(419h) Facile Isolation and Recovery of Biological Molecules with Chemically Triggered Degradable Polyacryamide Gel Electrophoresis

Polyacrylamide gel electrophoresis (PAGE) has been widely used in the analysis and separation of biological molecules, including proteins, DNA and RNA. For further analysis and manipulation of separated biological molecules, it is sometimes necessary to recover them from polyacrylamide gels. Most commonly, biomolecules are isolated from polyacryamide either by diffusion or electroelution. The poor diffusion of large biomolecules makes the methods slow and low-yielding. An alternative approach that has been proposed to reduce recovery time and increase yield is to incorporate degradable crosslinkers into the gel. Although degradable electrophoresis gels have been used to isolate biological molecules with high yield, they often require very limiting, harsh conditions, such as, acidic or basic buffer systems.
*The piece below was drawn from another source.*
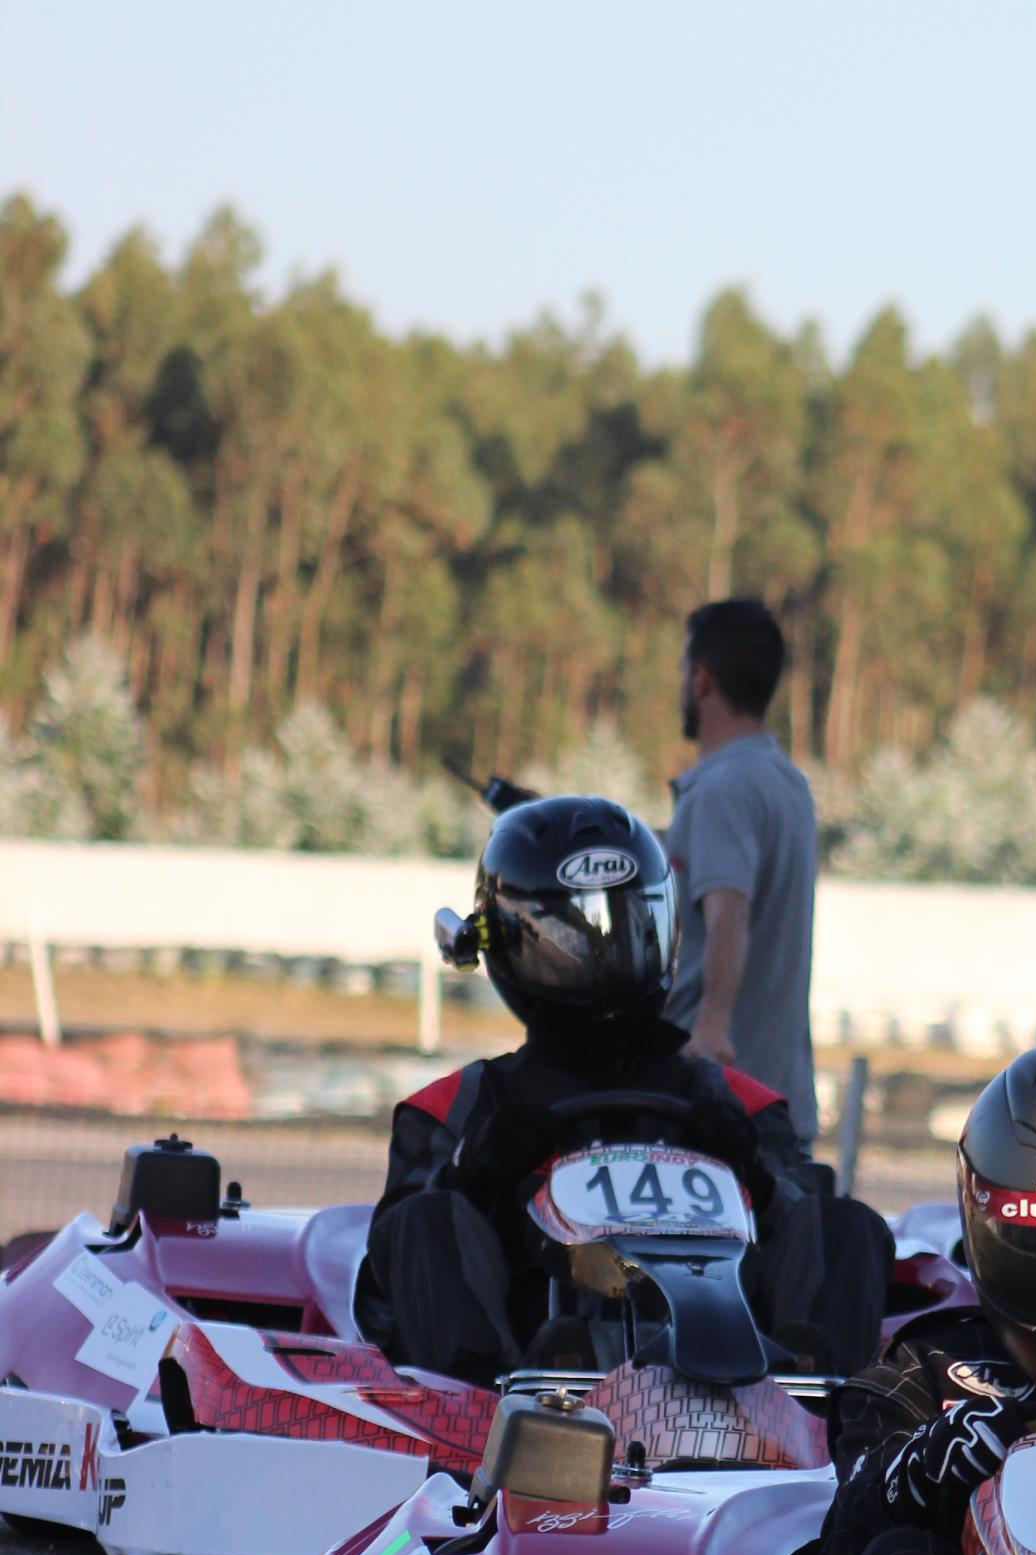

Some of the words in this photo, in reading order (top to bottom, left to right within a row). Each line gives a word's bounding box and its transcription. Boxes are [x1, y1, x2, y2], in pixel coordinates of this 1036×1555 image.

[563, 853, 627, 880] Arai
[586, 1163, 724, 1220] 149
[0, 1441, 71, 1491] EMIA
To solve these limitations, we have developed novel crosslinkers consisting of α-azido ether functionality which can be degraded by bio-orthogonal chemical triggers. Here, we show that large biological molecules such as plasmid DNA can be separated by PAGE containing the new crosslinker, N₃-EG₂, and liberated with high yield via a chemical trigger. In addition, we find that the degradation conditions do not affect the activity of the biological molecules. We believe that N₃-EG₂ crosslinkers could be widely applied to biological molecule recovery and combined with other technologies like proteomics.